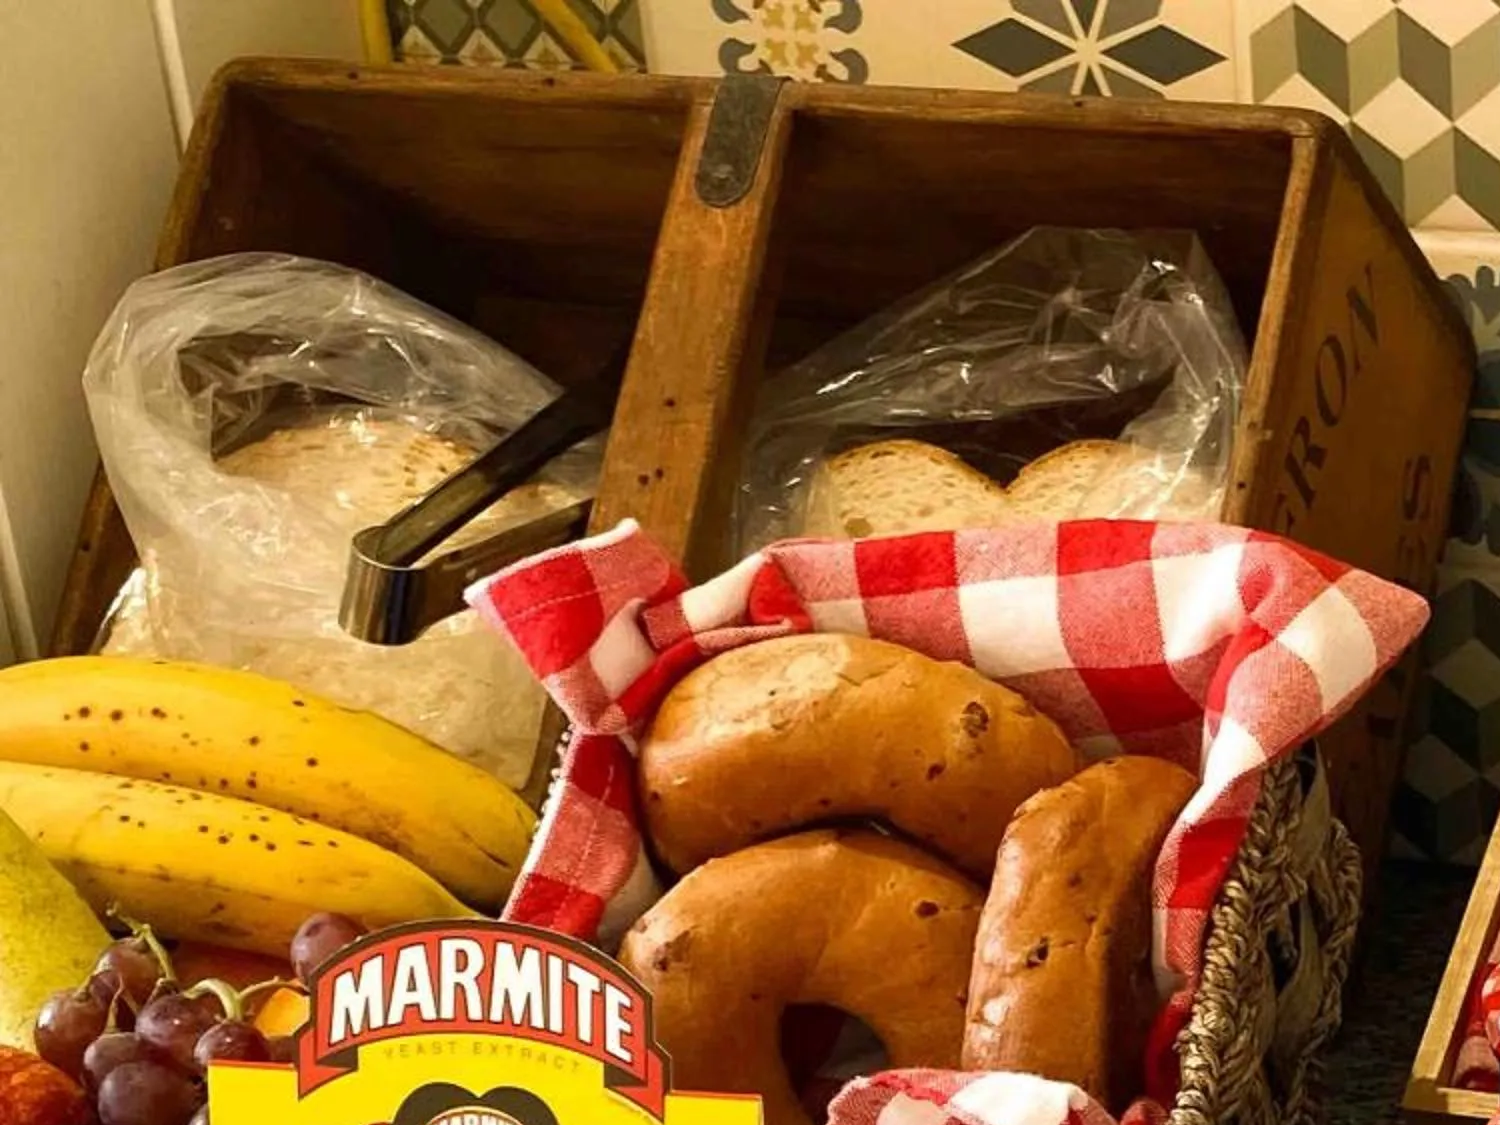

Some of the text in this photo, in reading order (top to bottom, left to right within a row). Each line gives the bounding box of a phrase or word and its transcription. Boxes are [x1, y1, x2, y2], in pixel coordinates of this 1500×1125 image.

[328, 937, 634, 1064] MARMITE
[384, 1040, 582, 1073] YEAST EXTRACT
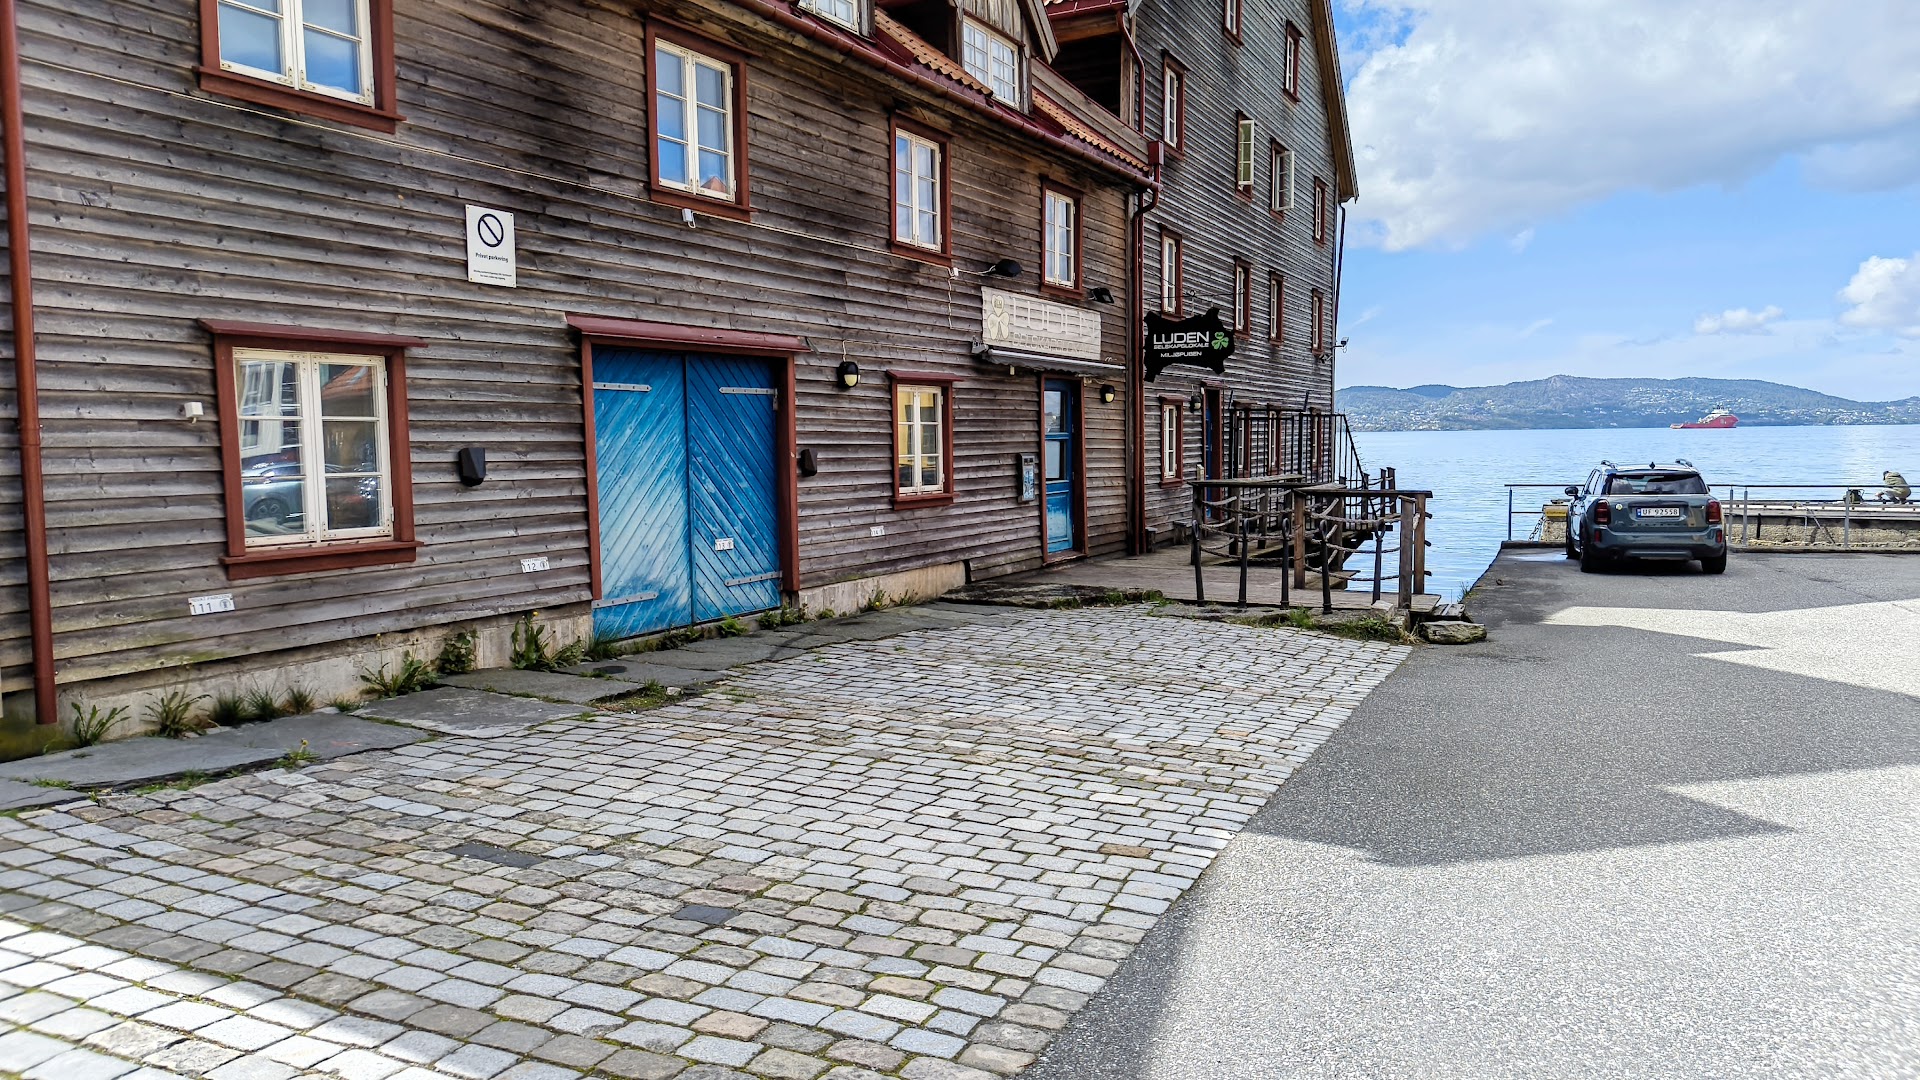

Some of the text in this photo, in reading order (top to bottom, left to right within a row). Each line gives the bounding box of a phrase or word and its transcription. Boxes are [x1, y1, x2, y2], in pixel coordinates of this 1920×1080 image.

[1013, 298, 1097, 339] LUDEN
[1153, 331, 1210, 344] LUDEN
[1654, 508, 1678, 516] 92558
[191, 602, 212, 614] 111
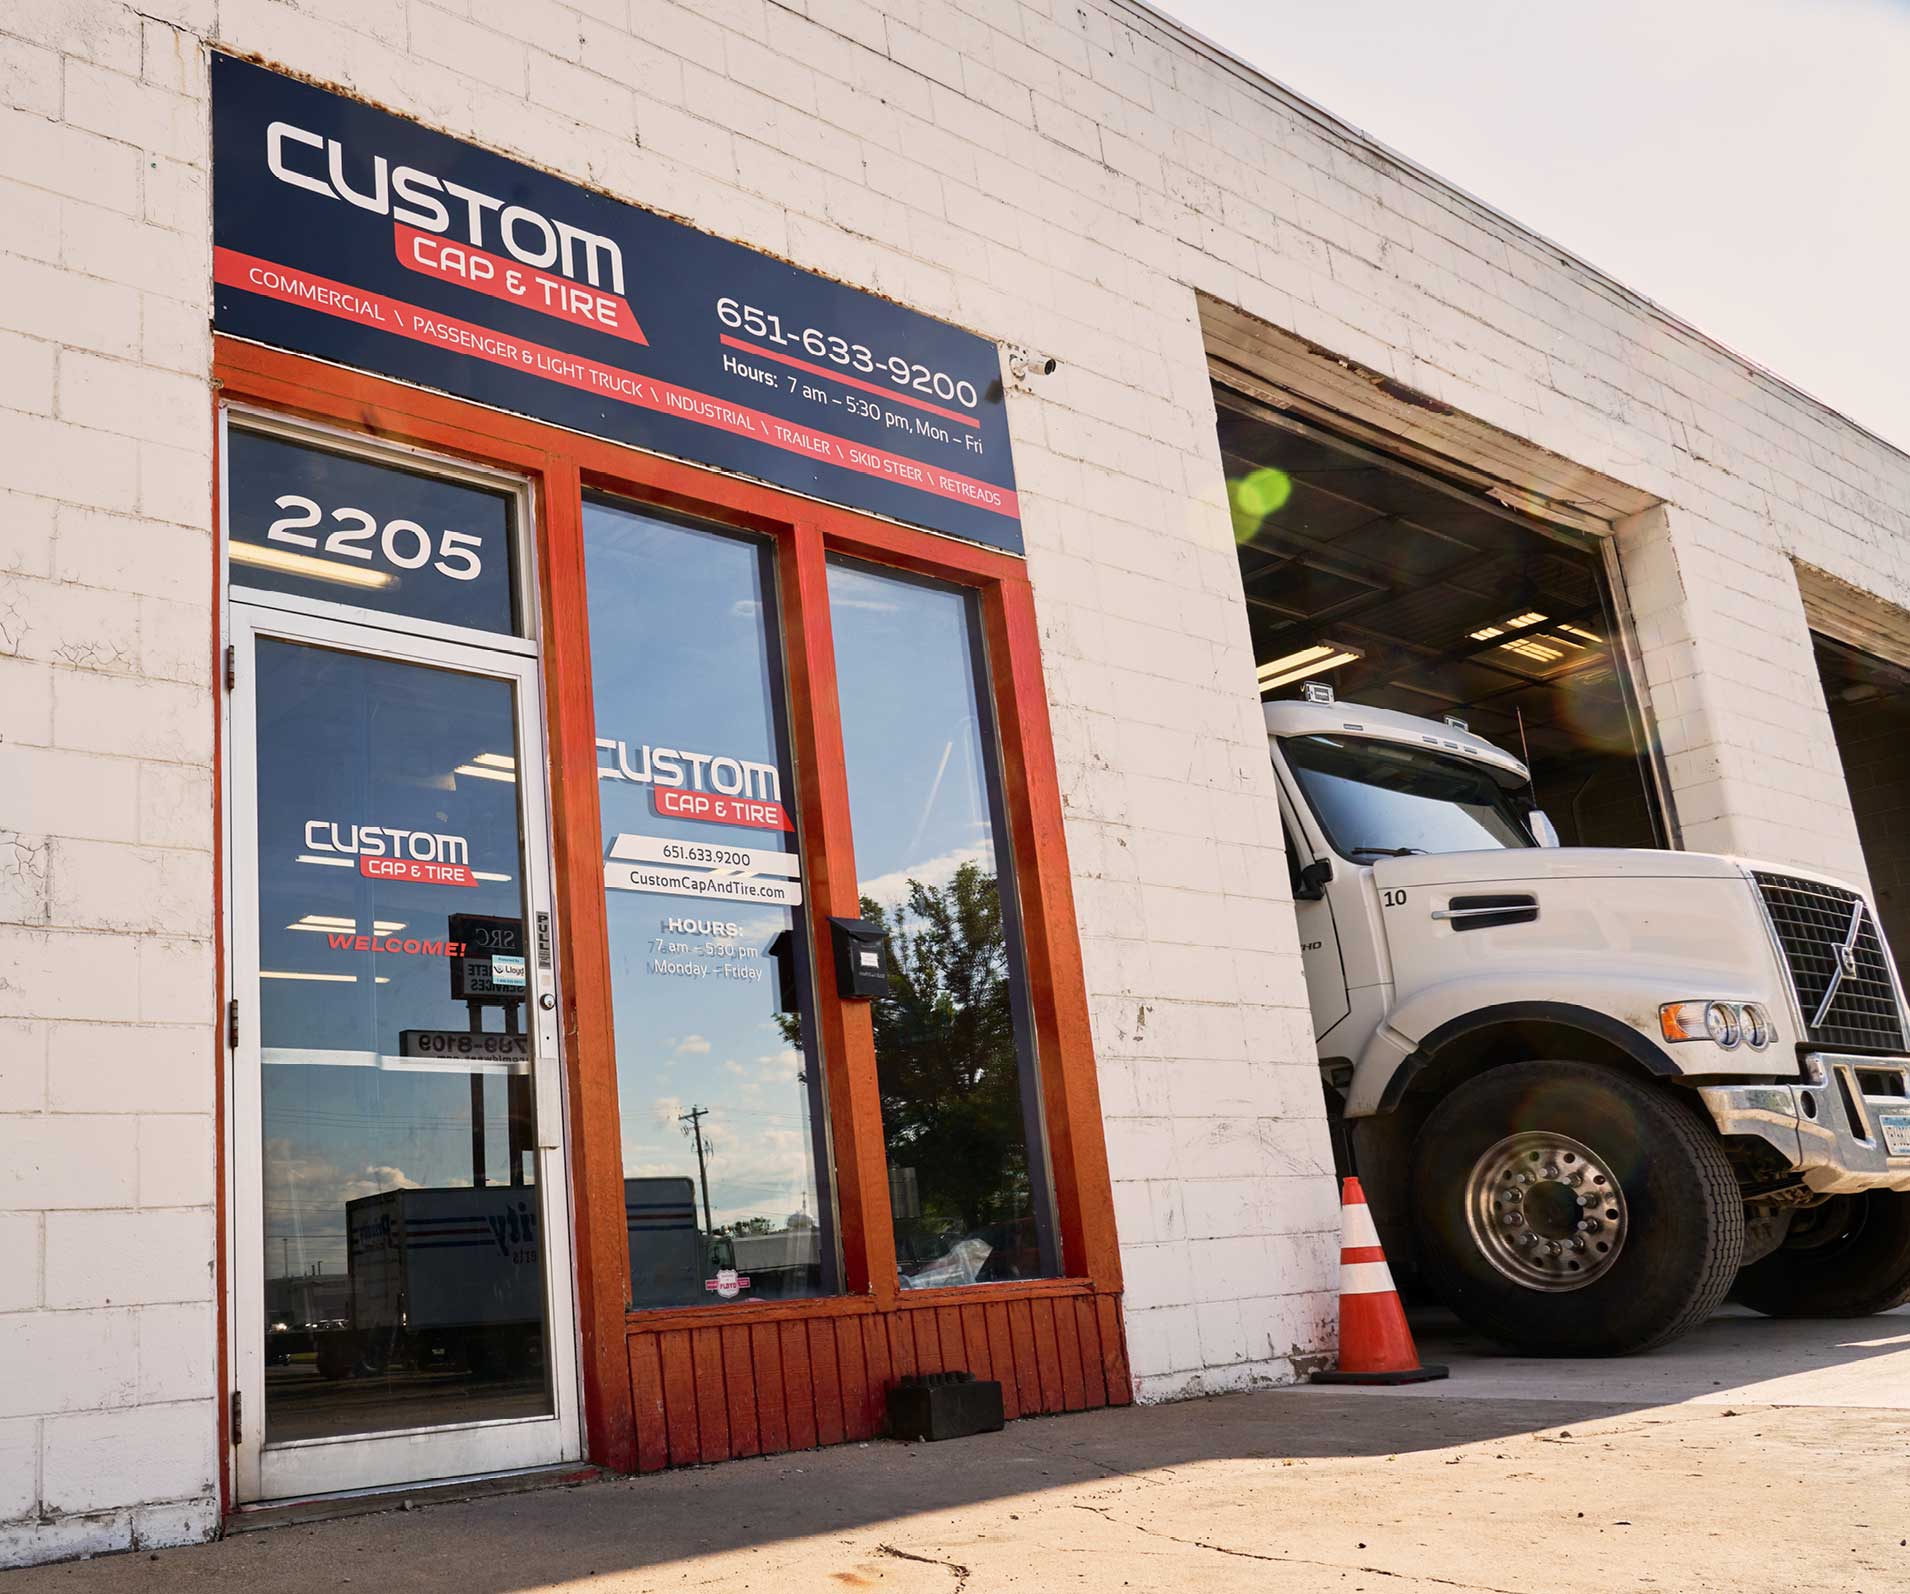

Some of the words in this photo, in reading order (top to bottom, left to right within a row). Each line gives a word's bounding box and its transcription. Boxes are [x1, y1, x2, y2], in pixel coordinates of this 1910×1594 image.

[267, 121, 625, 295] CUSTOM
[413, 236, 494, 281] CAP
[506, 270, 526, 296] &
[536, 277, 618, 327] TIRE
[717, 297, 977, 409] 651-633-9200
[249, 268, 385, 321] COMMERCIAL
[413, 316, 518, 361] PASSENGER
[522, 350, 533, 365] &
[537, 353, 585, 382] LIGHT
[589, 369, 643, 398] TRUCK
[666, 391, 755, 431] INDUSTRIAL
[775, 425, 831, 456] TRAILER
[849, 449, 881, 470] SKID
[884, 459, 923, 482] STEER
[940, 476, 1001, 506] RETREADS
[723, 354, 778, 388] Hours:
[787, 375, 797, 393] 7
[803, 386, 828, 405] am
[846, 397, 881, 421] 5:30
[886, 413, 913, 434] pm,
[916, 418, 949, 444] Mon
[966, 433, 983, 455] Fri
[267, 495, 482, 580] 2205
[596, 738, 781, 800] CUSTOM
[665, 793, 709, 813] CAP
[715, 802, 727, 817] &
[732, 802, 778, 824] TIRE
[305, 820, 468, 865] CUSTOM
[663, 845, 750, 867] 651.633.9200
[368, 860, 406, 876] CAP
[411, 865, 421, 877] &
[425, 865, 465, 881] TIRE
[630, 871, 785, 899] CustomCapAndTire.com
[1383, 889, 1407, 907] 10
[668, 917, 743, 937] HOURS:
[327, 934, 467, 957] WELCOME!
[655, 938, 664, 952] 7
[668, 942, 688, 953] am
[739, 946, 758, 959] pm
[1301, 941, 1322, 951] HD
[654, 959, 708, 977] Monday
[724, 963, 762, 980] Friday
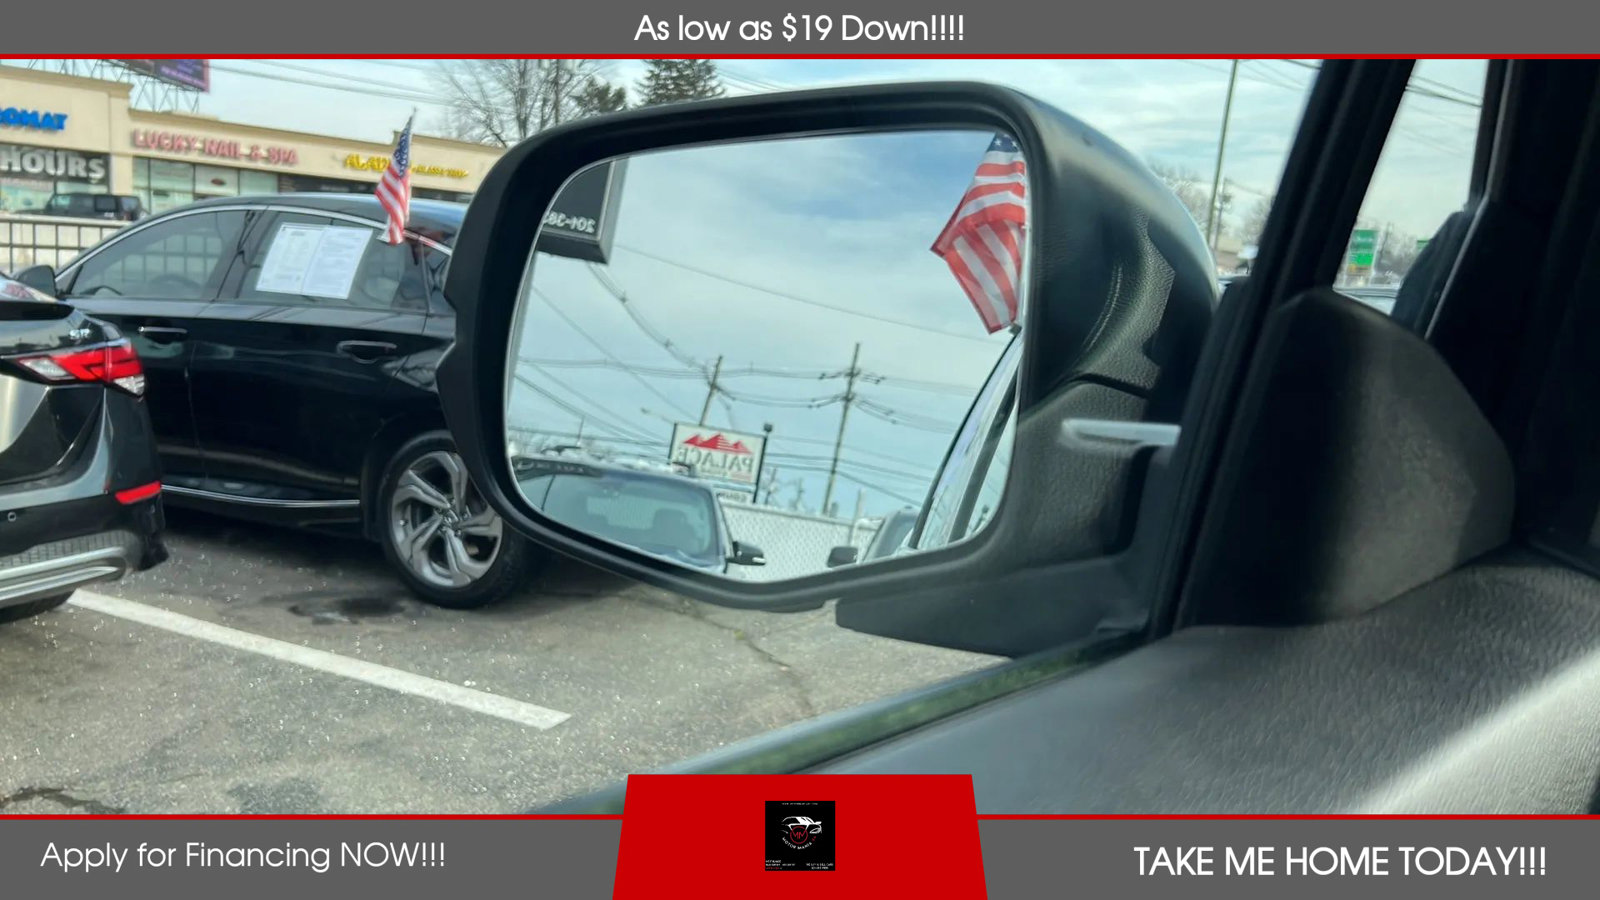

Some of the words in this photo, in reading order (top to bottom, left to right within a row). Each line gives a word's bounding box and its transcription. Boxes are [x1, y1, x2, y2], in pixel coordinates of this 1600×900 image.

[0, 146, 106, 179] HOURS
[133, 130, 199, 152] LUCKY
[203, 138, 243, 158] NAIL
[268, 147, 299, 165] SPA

★ ★ ★ ★ ★

• Activity
Only the pictures are to be left out; copy all the remaining material above exactly.

• Result for this task
Some of the text in this photo, in reading order (top to bottom, left to right within a row). Each line gives the bounding box of a phrase or word and its transcription. Boxes are [x1, y1, x2, y2], in pixel coordinates of this 1500×1125 image.

[328, 937, 634, 1064] MARMITE
[384, 1040, 582, 1073] YEAST EXTRACT

Some of the text in this photo, in reading order (top to bottom, left to right within a row). Each line gives the bounding box of a phrase or word and its transcription. Boxes are [x1, y1, x2, y2], in pixel coordinates of this 1920×1080 image.

[1013, 298, 1097, 339] LUDEN
[1153, 331, 1210, 344] LUDEN
[1654, 508, 1678, 516] 92558
[191, 602, 212, 614] 111

Some of the words in this photo, in reading order (top to bottom, left to right within a row). Each line gives a word's bounding box and its transcription. Boxes are [x1, y1, x2, y2], in pixel coordinates of this 1910×1594 image.

[267, 121, 625, 295] CUSTOM
[413, 236, 494, 281] CAP
[506, 270, 526, 296] &
[536, 277, 618, 327] TIRE
[717, 297, 977, 409] 651-633-9200
[249, 268, 385, 321] COMMERCIAL
[413, 316, 518, 361] PASSENGER
[522, 350, 533, 365] &
[537, 353, 585, 382] LIGHT
[589, 369, 643, 398] TRUCK
[666, 391, 755, 431] INDUSTRIAL
[775, 425, 831, 456] TRAILER
[849, 449, 881, 470] SKID
[884, 459, 923, 482] STEER
[940, 476, 1001, 506] RETREADS
[723, 354, 778, 388] Hours:
[787, 375, 797, 393] 7
[803, 386, 828, 405] am
[846, 397, 881, 421] 5:30
[886, 413, 913, 434] pm,
[916, 418, 949, 444] Mon
[966, 433, 983, 455] Fri
[267, 495, 482, 580] 2205
[596, 738, 781, 800] CUSTOM
[665, 793, 709, 813] CAP
[715, 802, 727, 817] &
[732, 802, 778, 824] TIRE
[305, 820, 468, 865] CUSTOM
[663, 845, 750, 867] 651.633.9200
[368, 860, 406, 876] CAP
[411, 865, 421, 877] &
[425, 865, 465, 881] TIRE
[630, 871, 785, 899] CustomCapAndTire.com
[1383, 889, 1407, 907] 10
[668, 917, 743, 937] HOURS:
[327, 934, 467, 957] WELCOME!
[655, 938, 664, 952] 7
[668, 942, 688, 953] am
[739, 946, 758, 959] pm
[1301, 941, 1322, 951] HD
[654, 959, 708, 977] Monday
[724, 963, 762, 980] Friday

Some of the words in this photo, in reading order (top to bottom, left to right within a row). Each line gives a word's bounding box and its transcription. Boxes are [x1, y1, x2, y2], in pixel coordinates of this 1600×900 image.

[0, 146, 106, 179] HOURS
[133, 130, 199, 152] LUCKY
[203, 138, 243, 158] NAIL
[268, 147, 299, 165] SPA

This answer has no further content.